Warner hit with charge over Durban fracas
DAVID Warner appears set to escape suspension despite being hit with a grade two contrary conduct charge over his stairwell bust-up with Quinton de Kock.
It's still a possibility Warner could get the four demerit points to constitute a ban, but it's understood the opener is at this stage only looking at three points going on his record.
He does though face the prospect of receiving a heavy fine.
Australia will respond to the charge later on Wednesday, as will South Africa, after de Kock received a less serious grade one charge - despite making disparaging remarks about Warner's wife, Candice Warner in the ugly incident.
An appeal seems unlikely from Australia, but such action cannot be ruled out by South Africa given the extreme lengths they went to last time they toured down under to get their captain Faf du Plessis off a ball tampering charge.
Warner will now be walking a tightrope for the rest of the series and for the next two years, with almost any future disciplinary infringement to push him over the line for suspension.
It means the Aussie vice-captain may be forced to tone down his on-field presence in the second Test in Port Elizabeth starting on Friday.
Australia team manager Gavin Dovey and South African counterpart Mohammed Moosaje met with match referee Jeff Crowe on Tuesday to hear the findings, but now have until Wednesday (EDT) to respond.
The Australian camp are fuming that de Kock brought Warner's wife into the dust-up, however, they are taking the view that Warner should have handled himself better in his response.

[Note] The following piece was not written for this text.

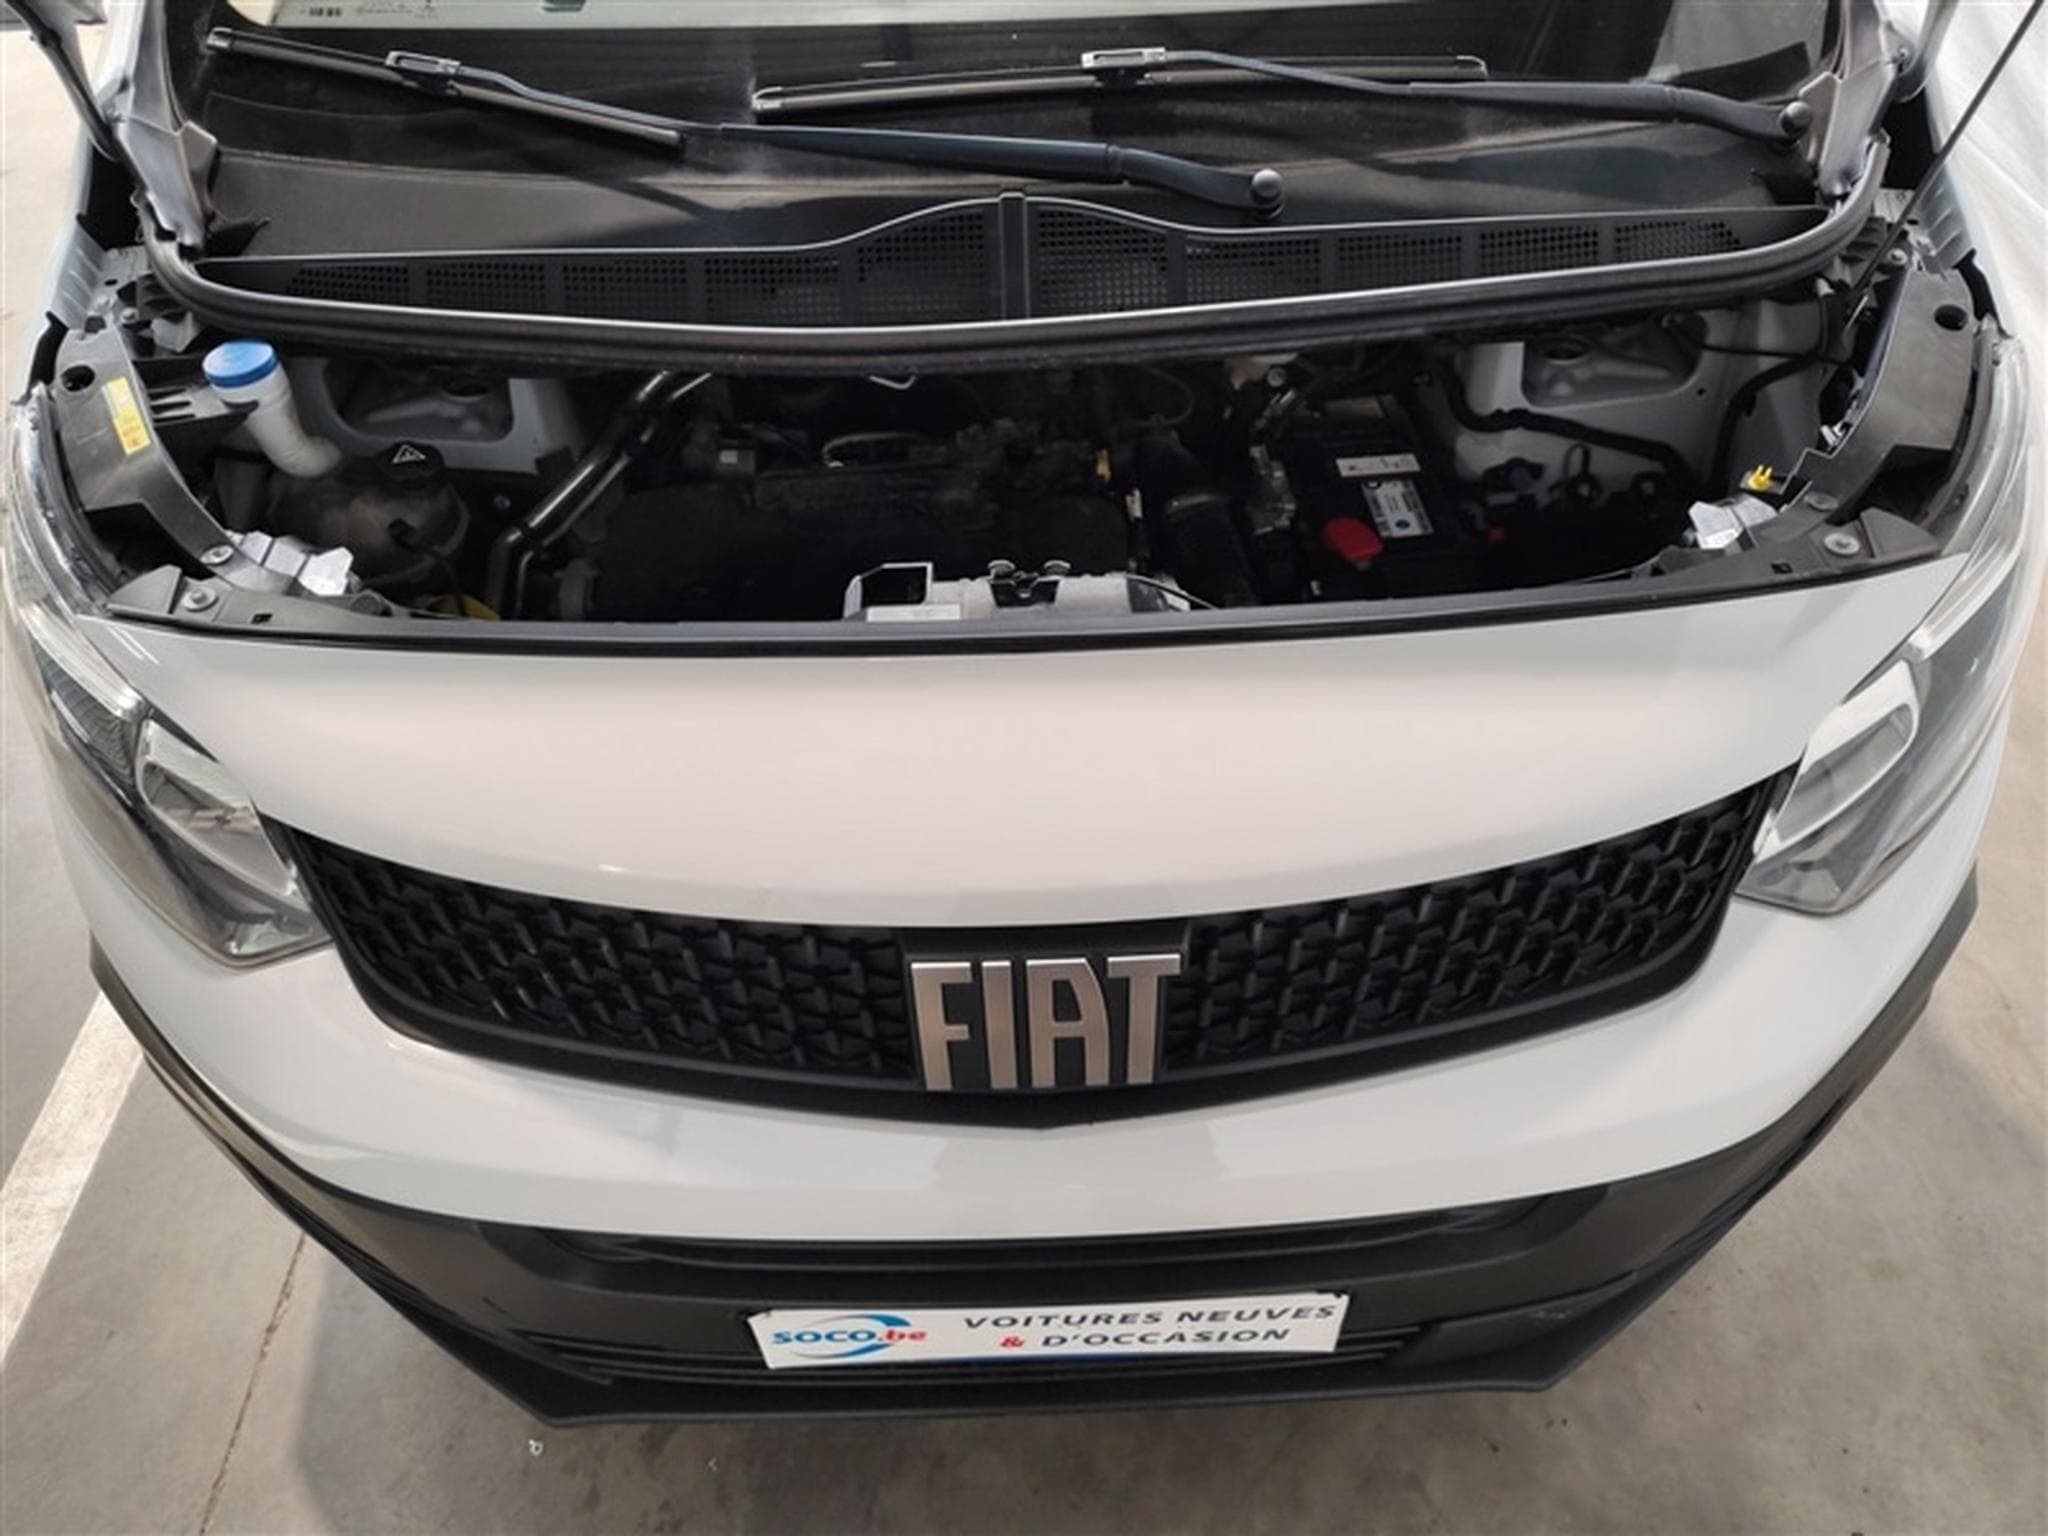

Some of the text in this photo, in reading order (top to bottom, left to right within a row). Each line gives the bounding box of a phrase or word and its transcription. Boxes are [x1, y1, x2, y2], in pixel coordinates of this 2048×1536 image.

[911, 954, 1181, 1091] FIAT
[964, 1305, 1337, 1329] VOITURES NEUVES
[1000, 1329, 1290, 1348] & D'OCCASION

Therefore they're unlikely to dispute the fact de Kock got off with a lower charge, this despite the fact that Australia claim they never made comments of a personal nature about the South African.
However, it remains to be seen whether South Africa are willing to admit that de Kock was out of line.
Despite video footage two summers ago showing du Plessis sucking on a mint before shining a ball in the Hobart Test match, South Africa appealed their skipper's guilty finding in a bid to clear his name.
Should South Africa accept the charge as Australia intend to then a line will be drawn under the matter.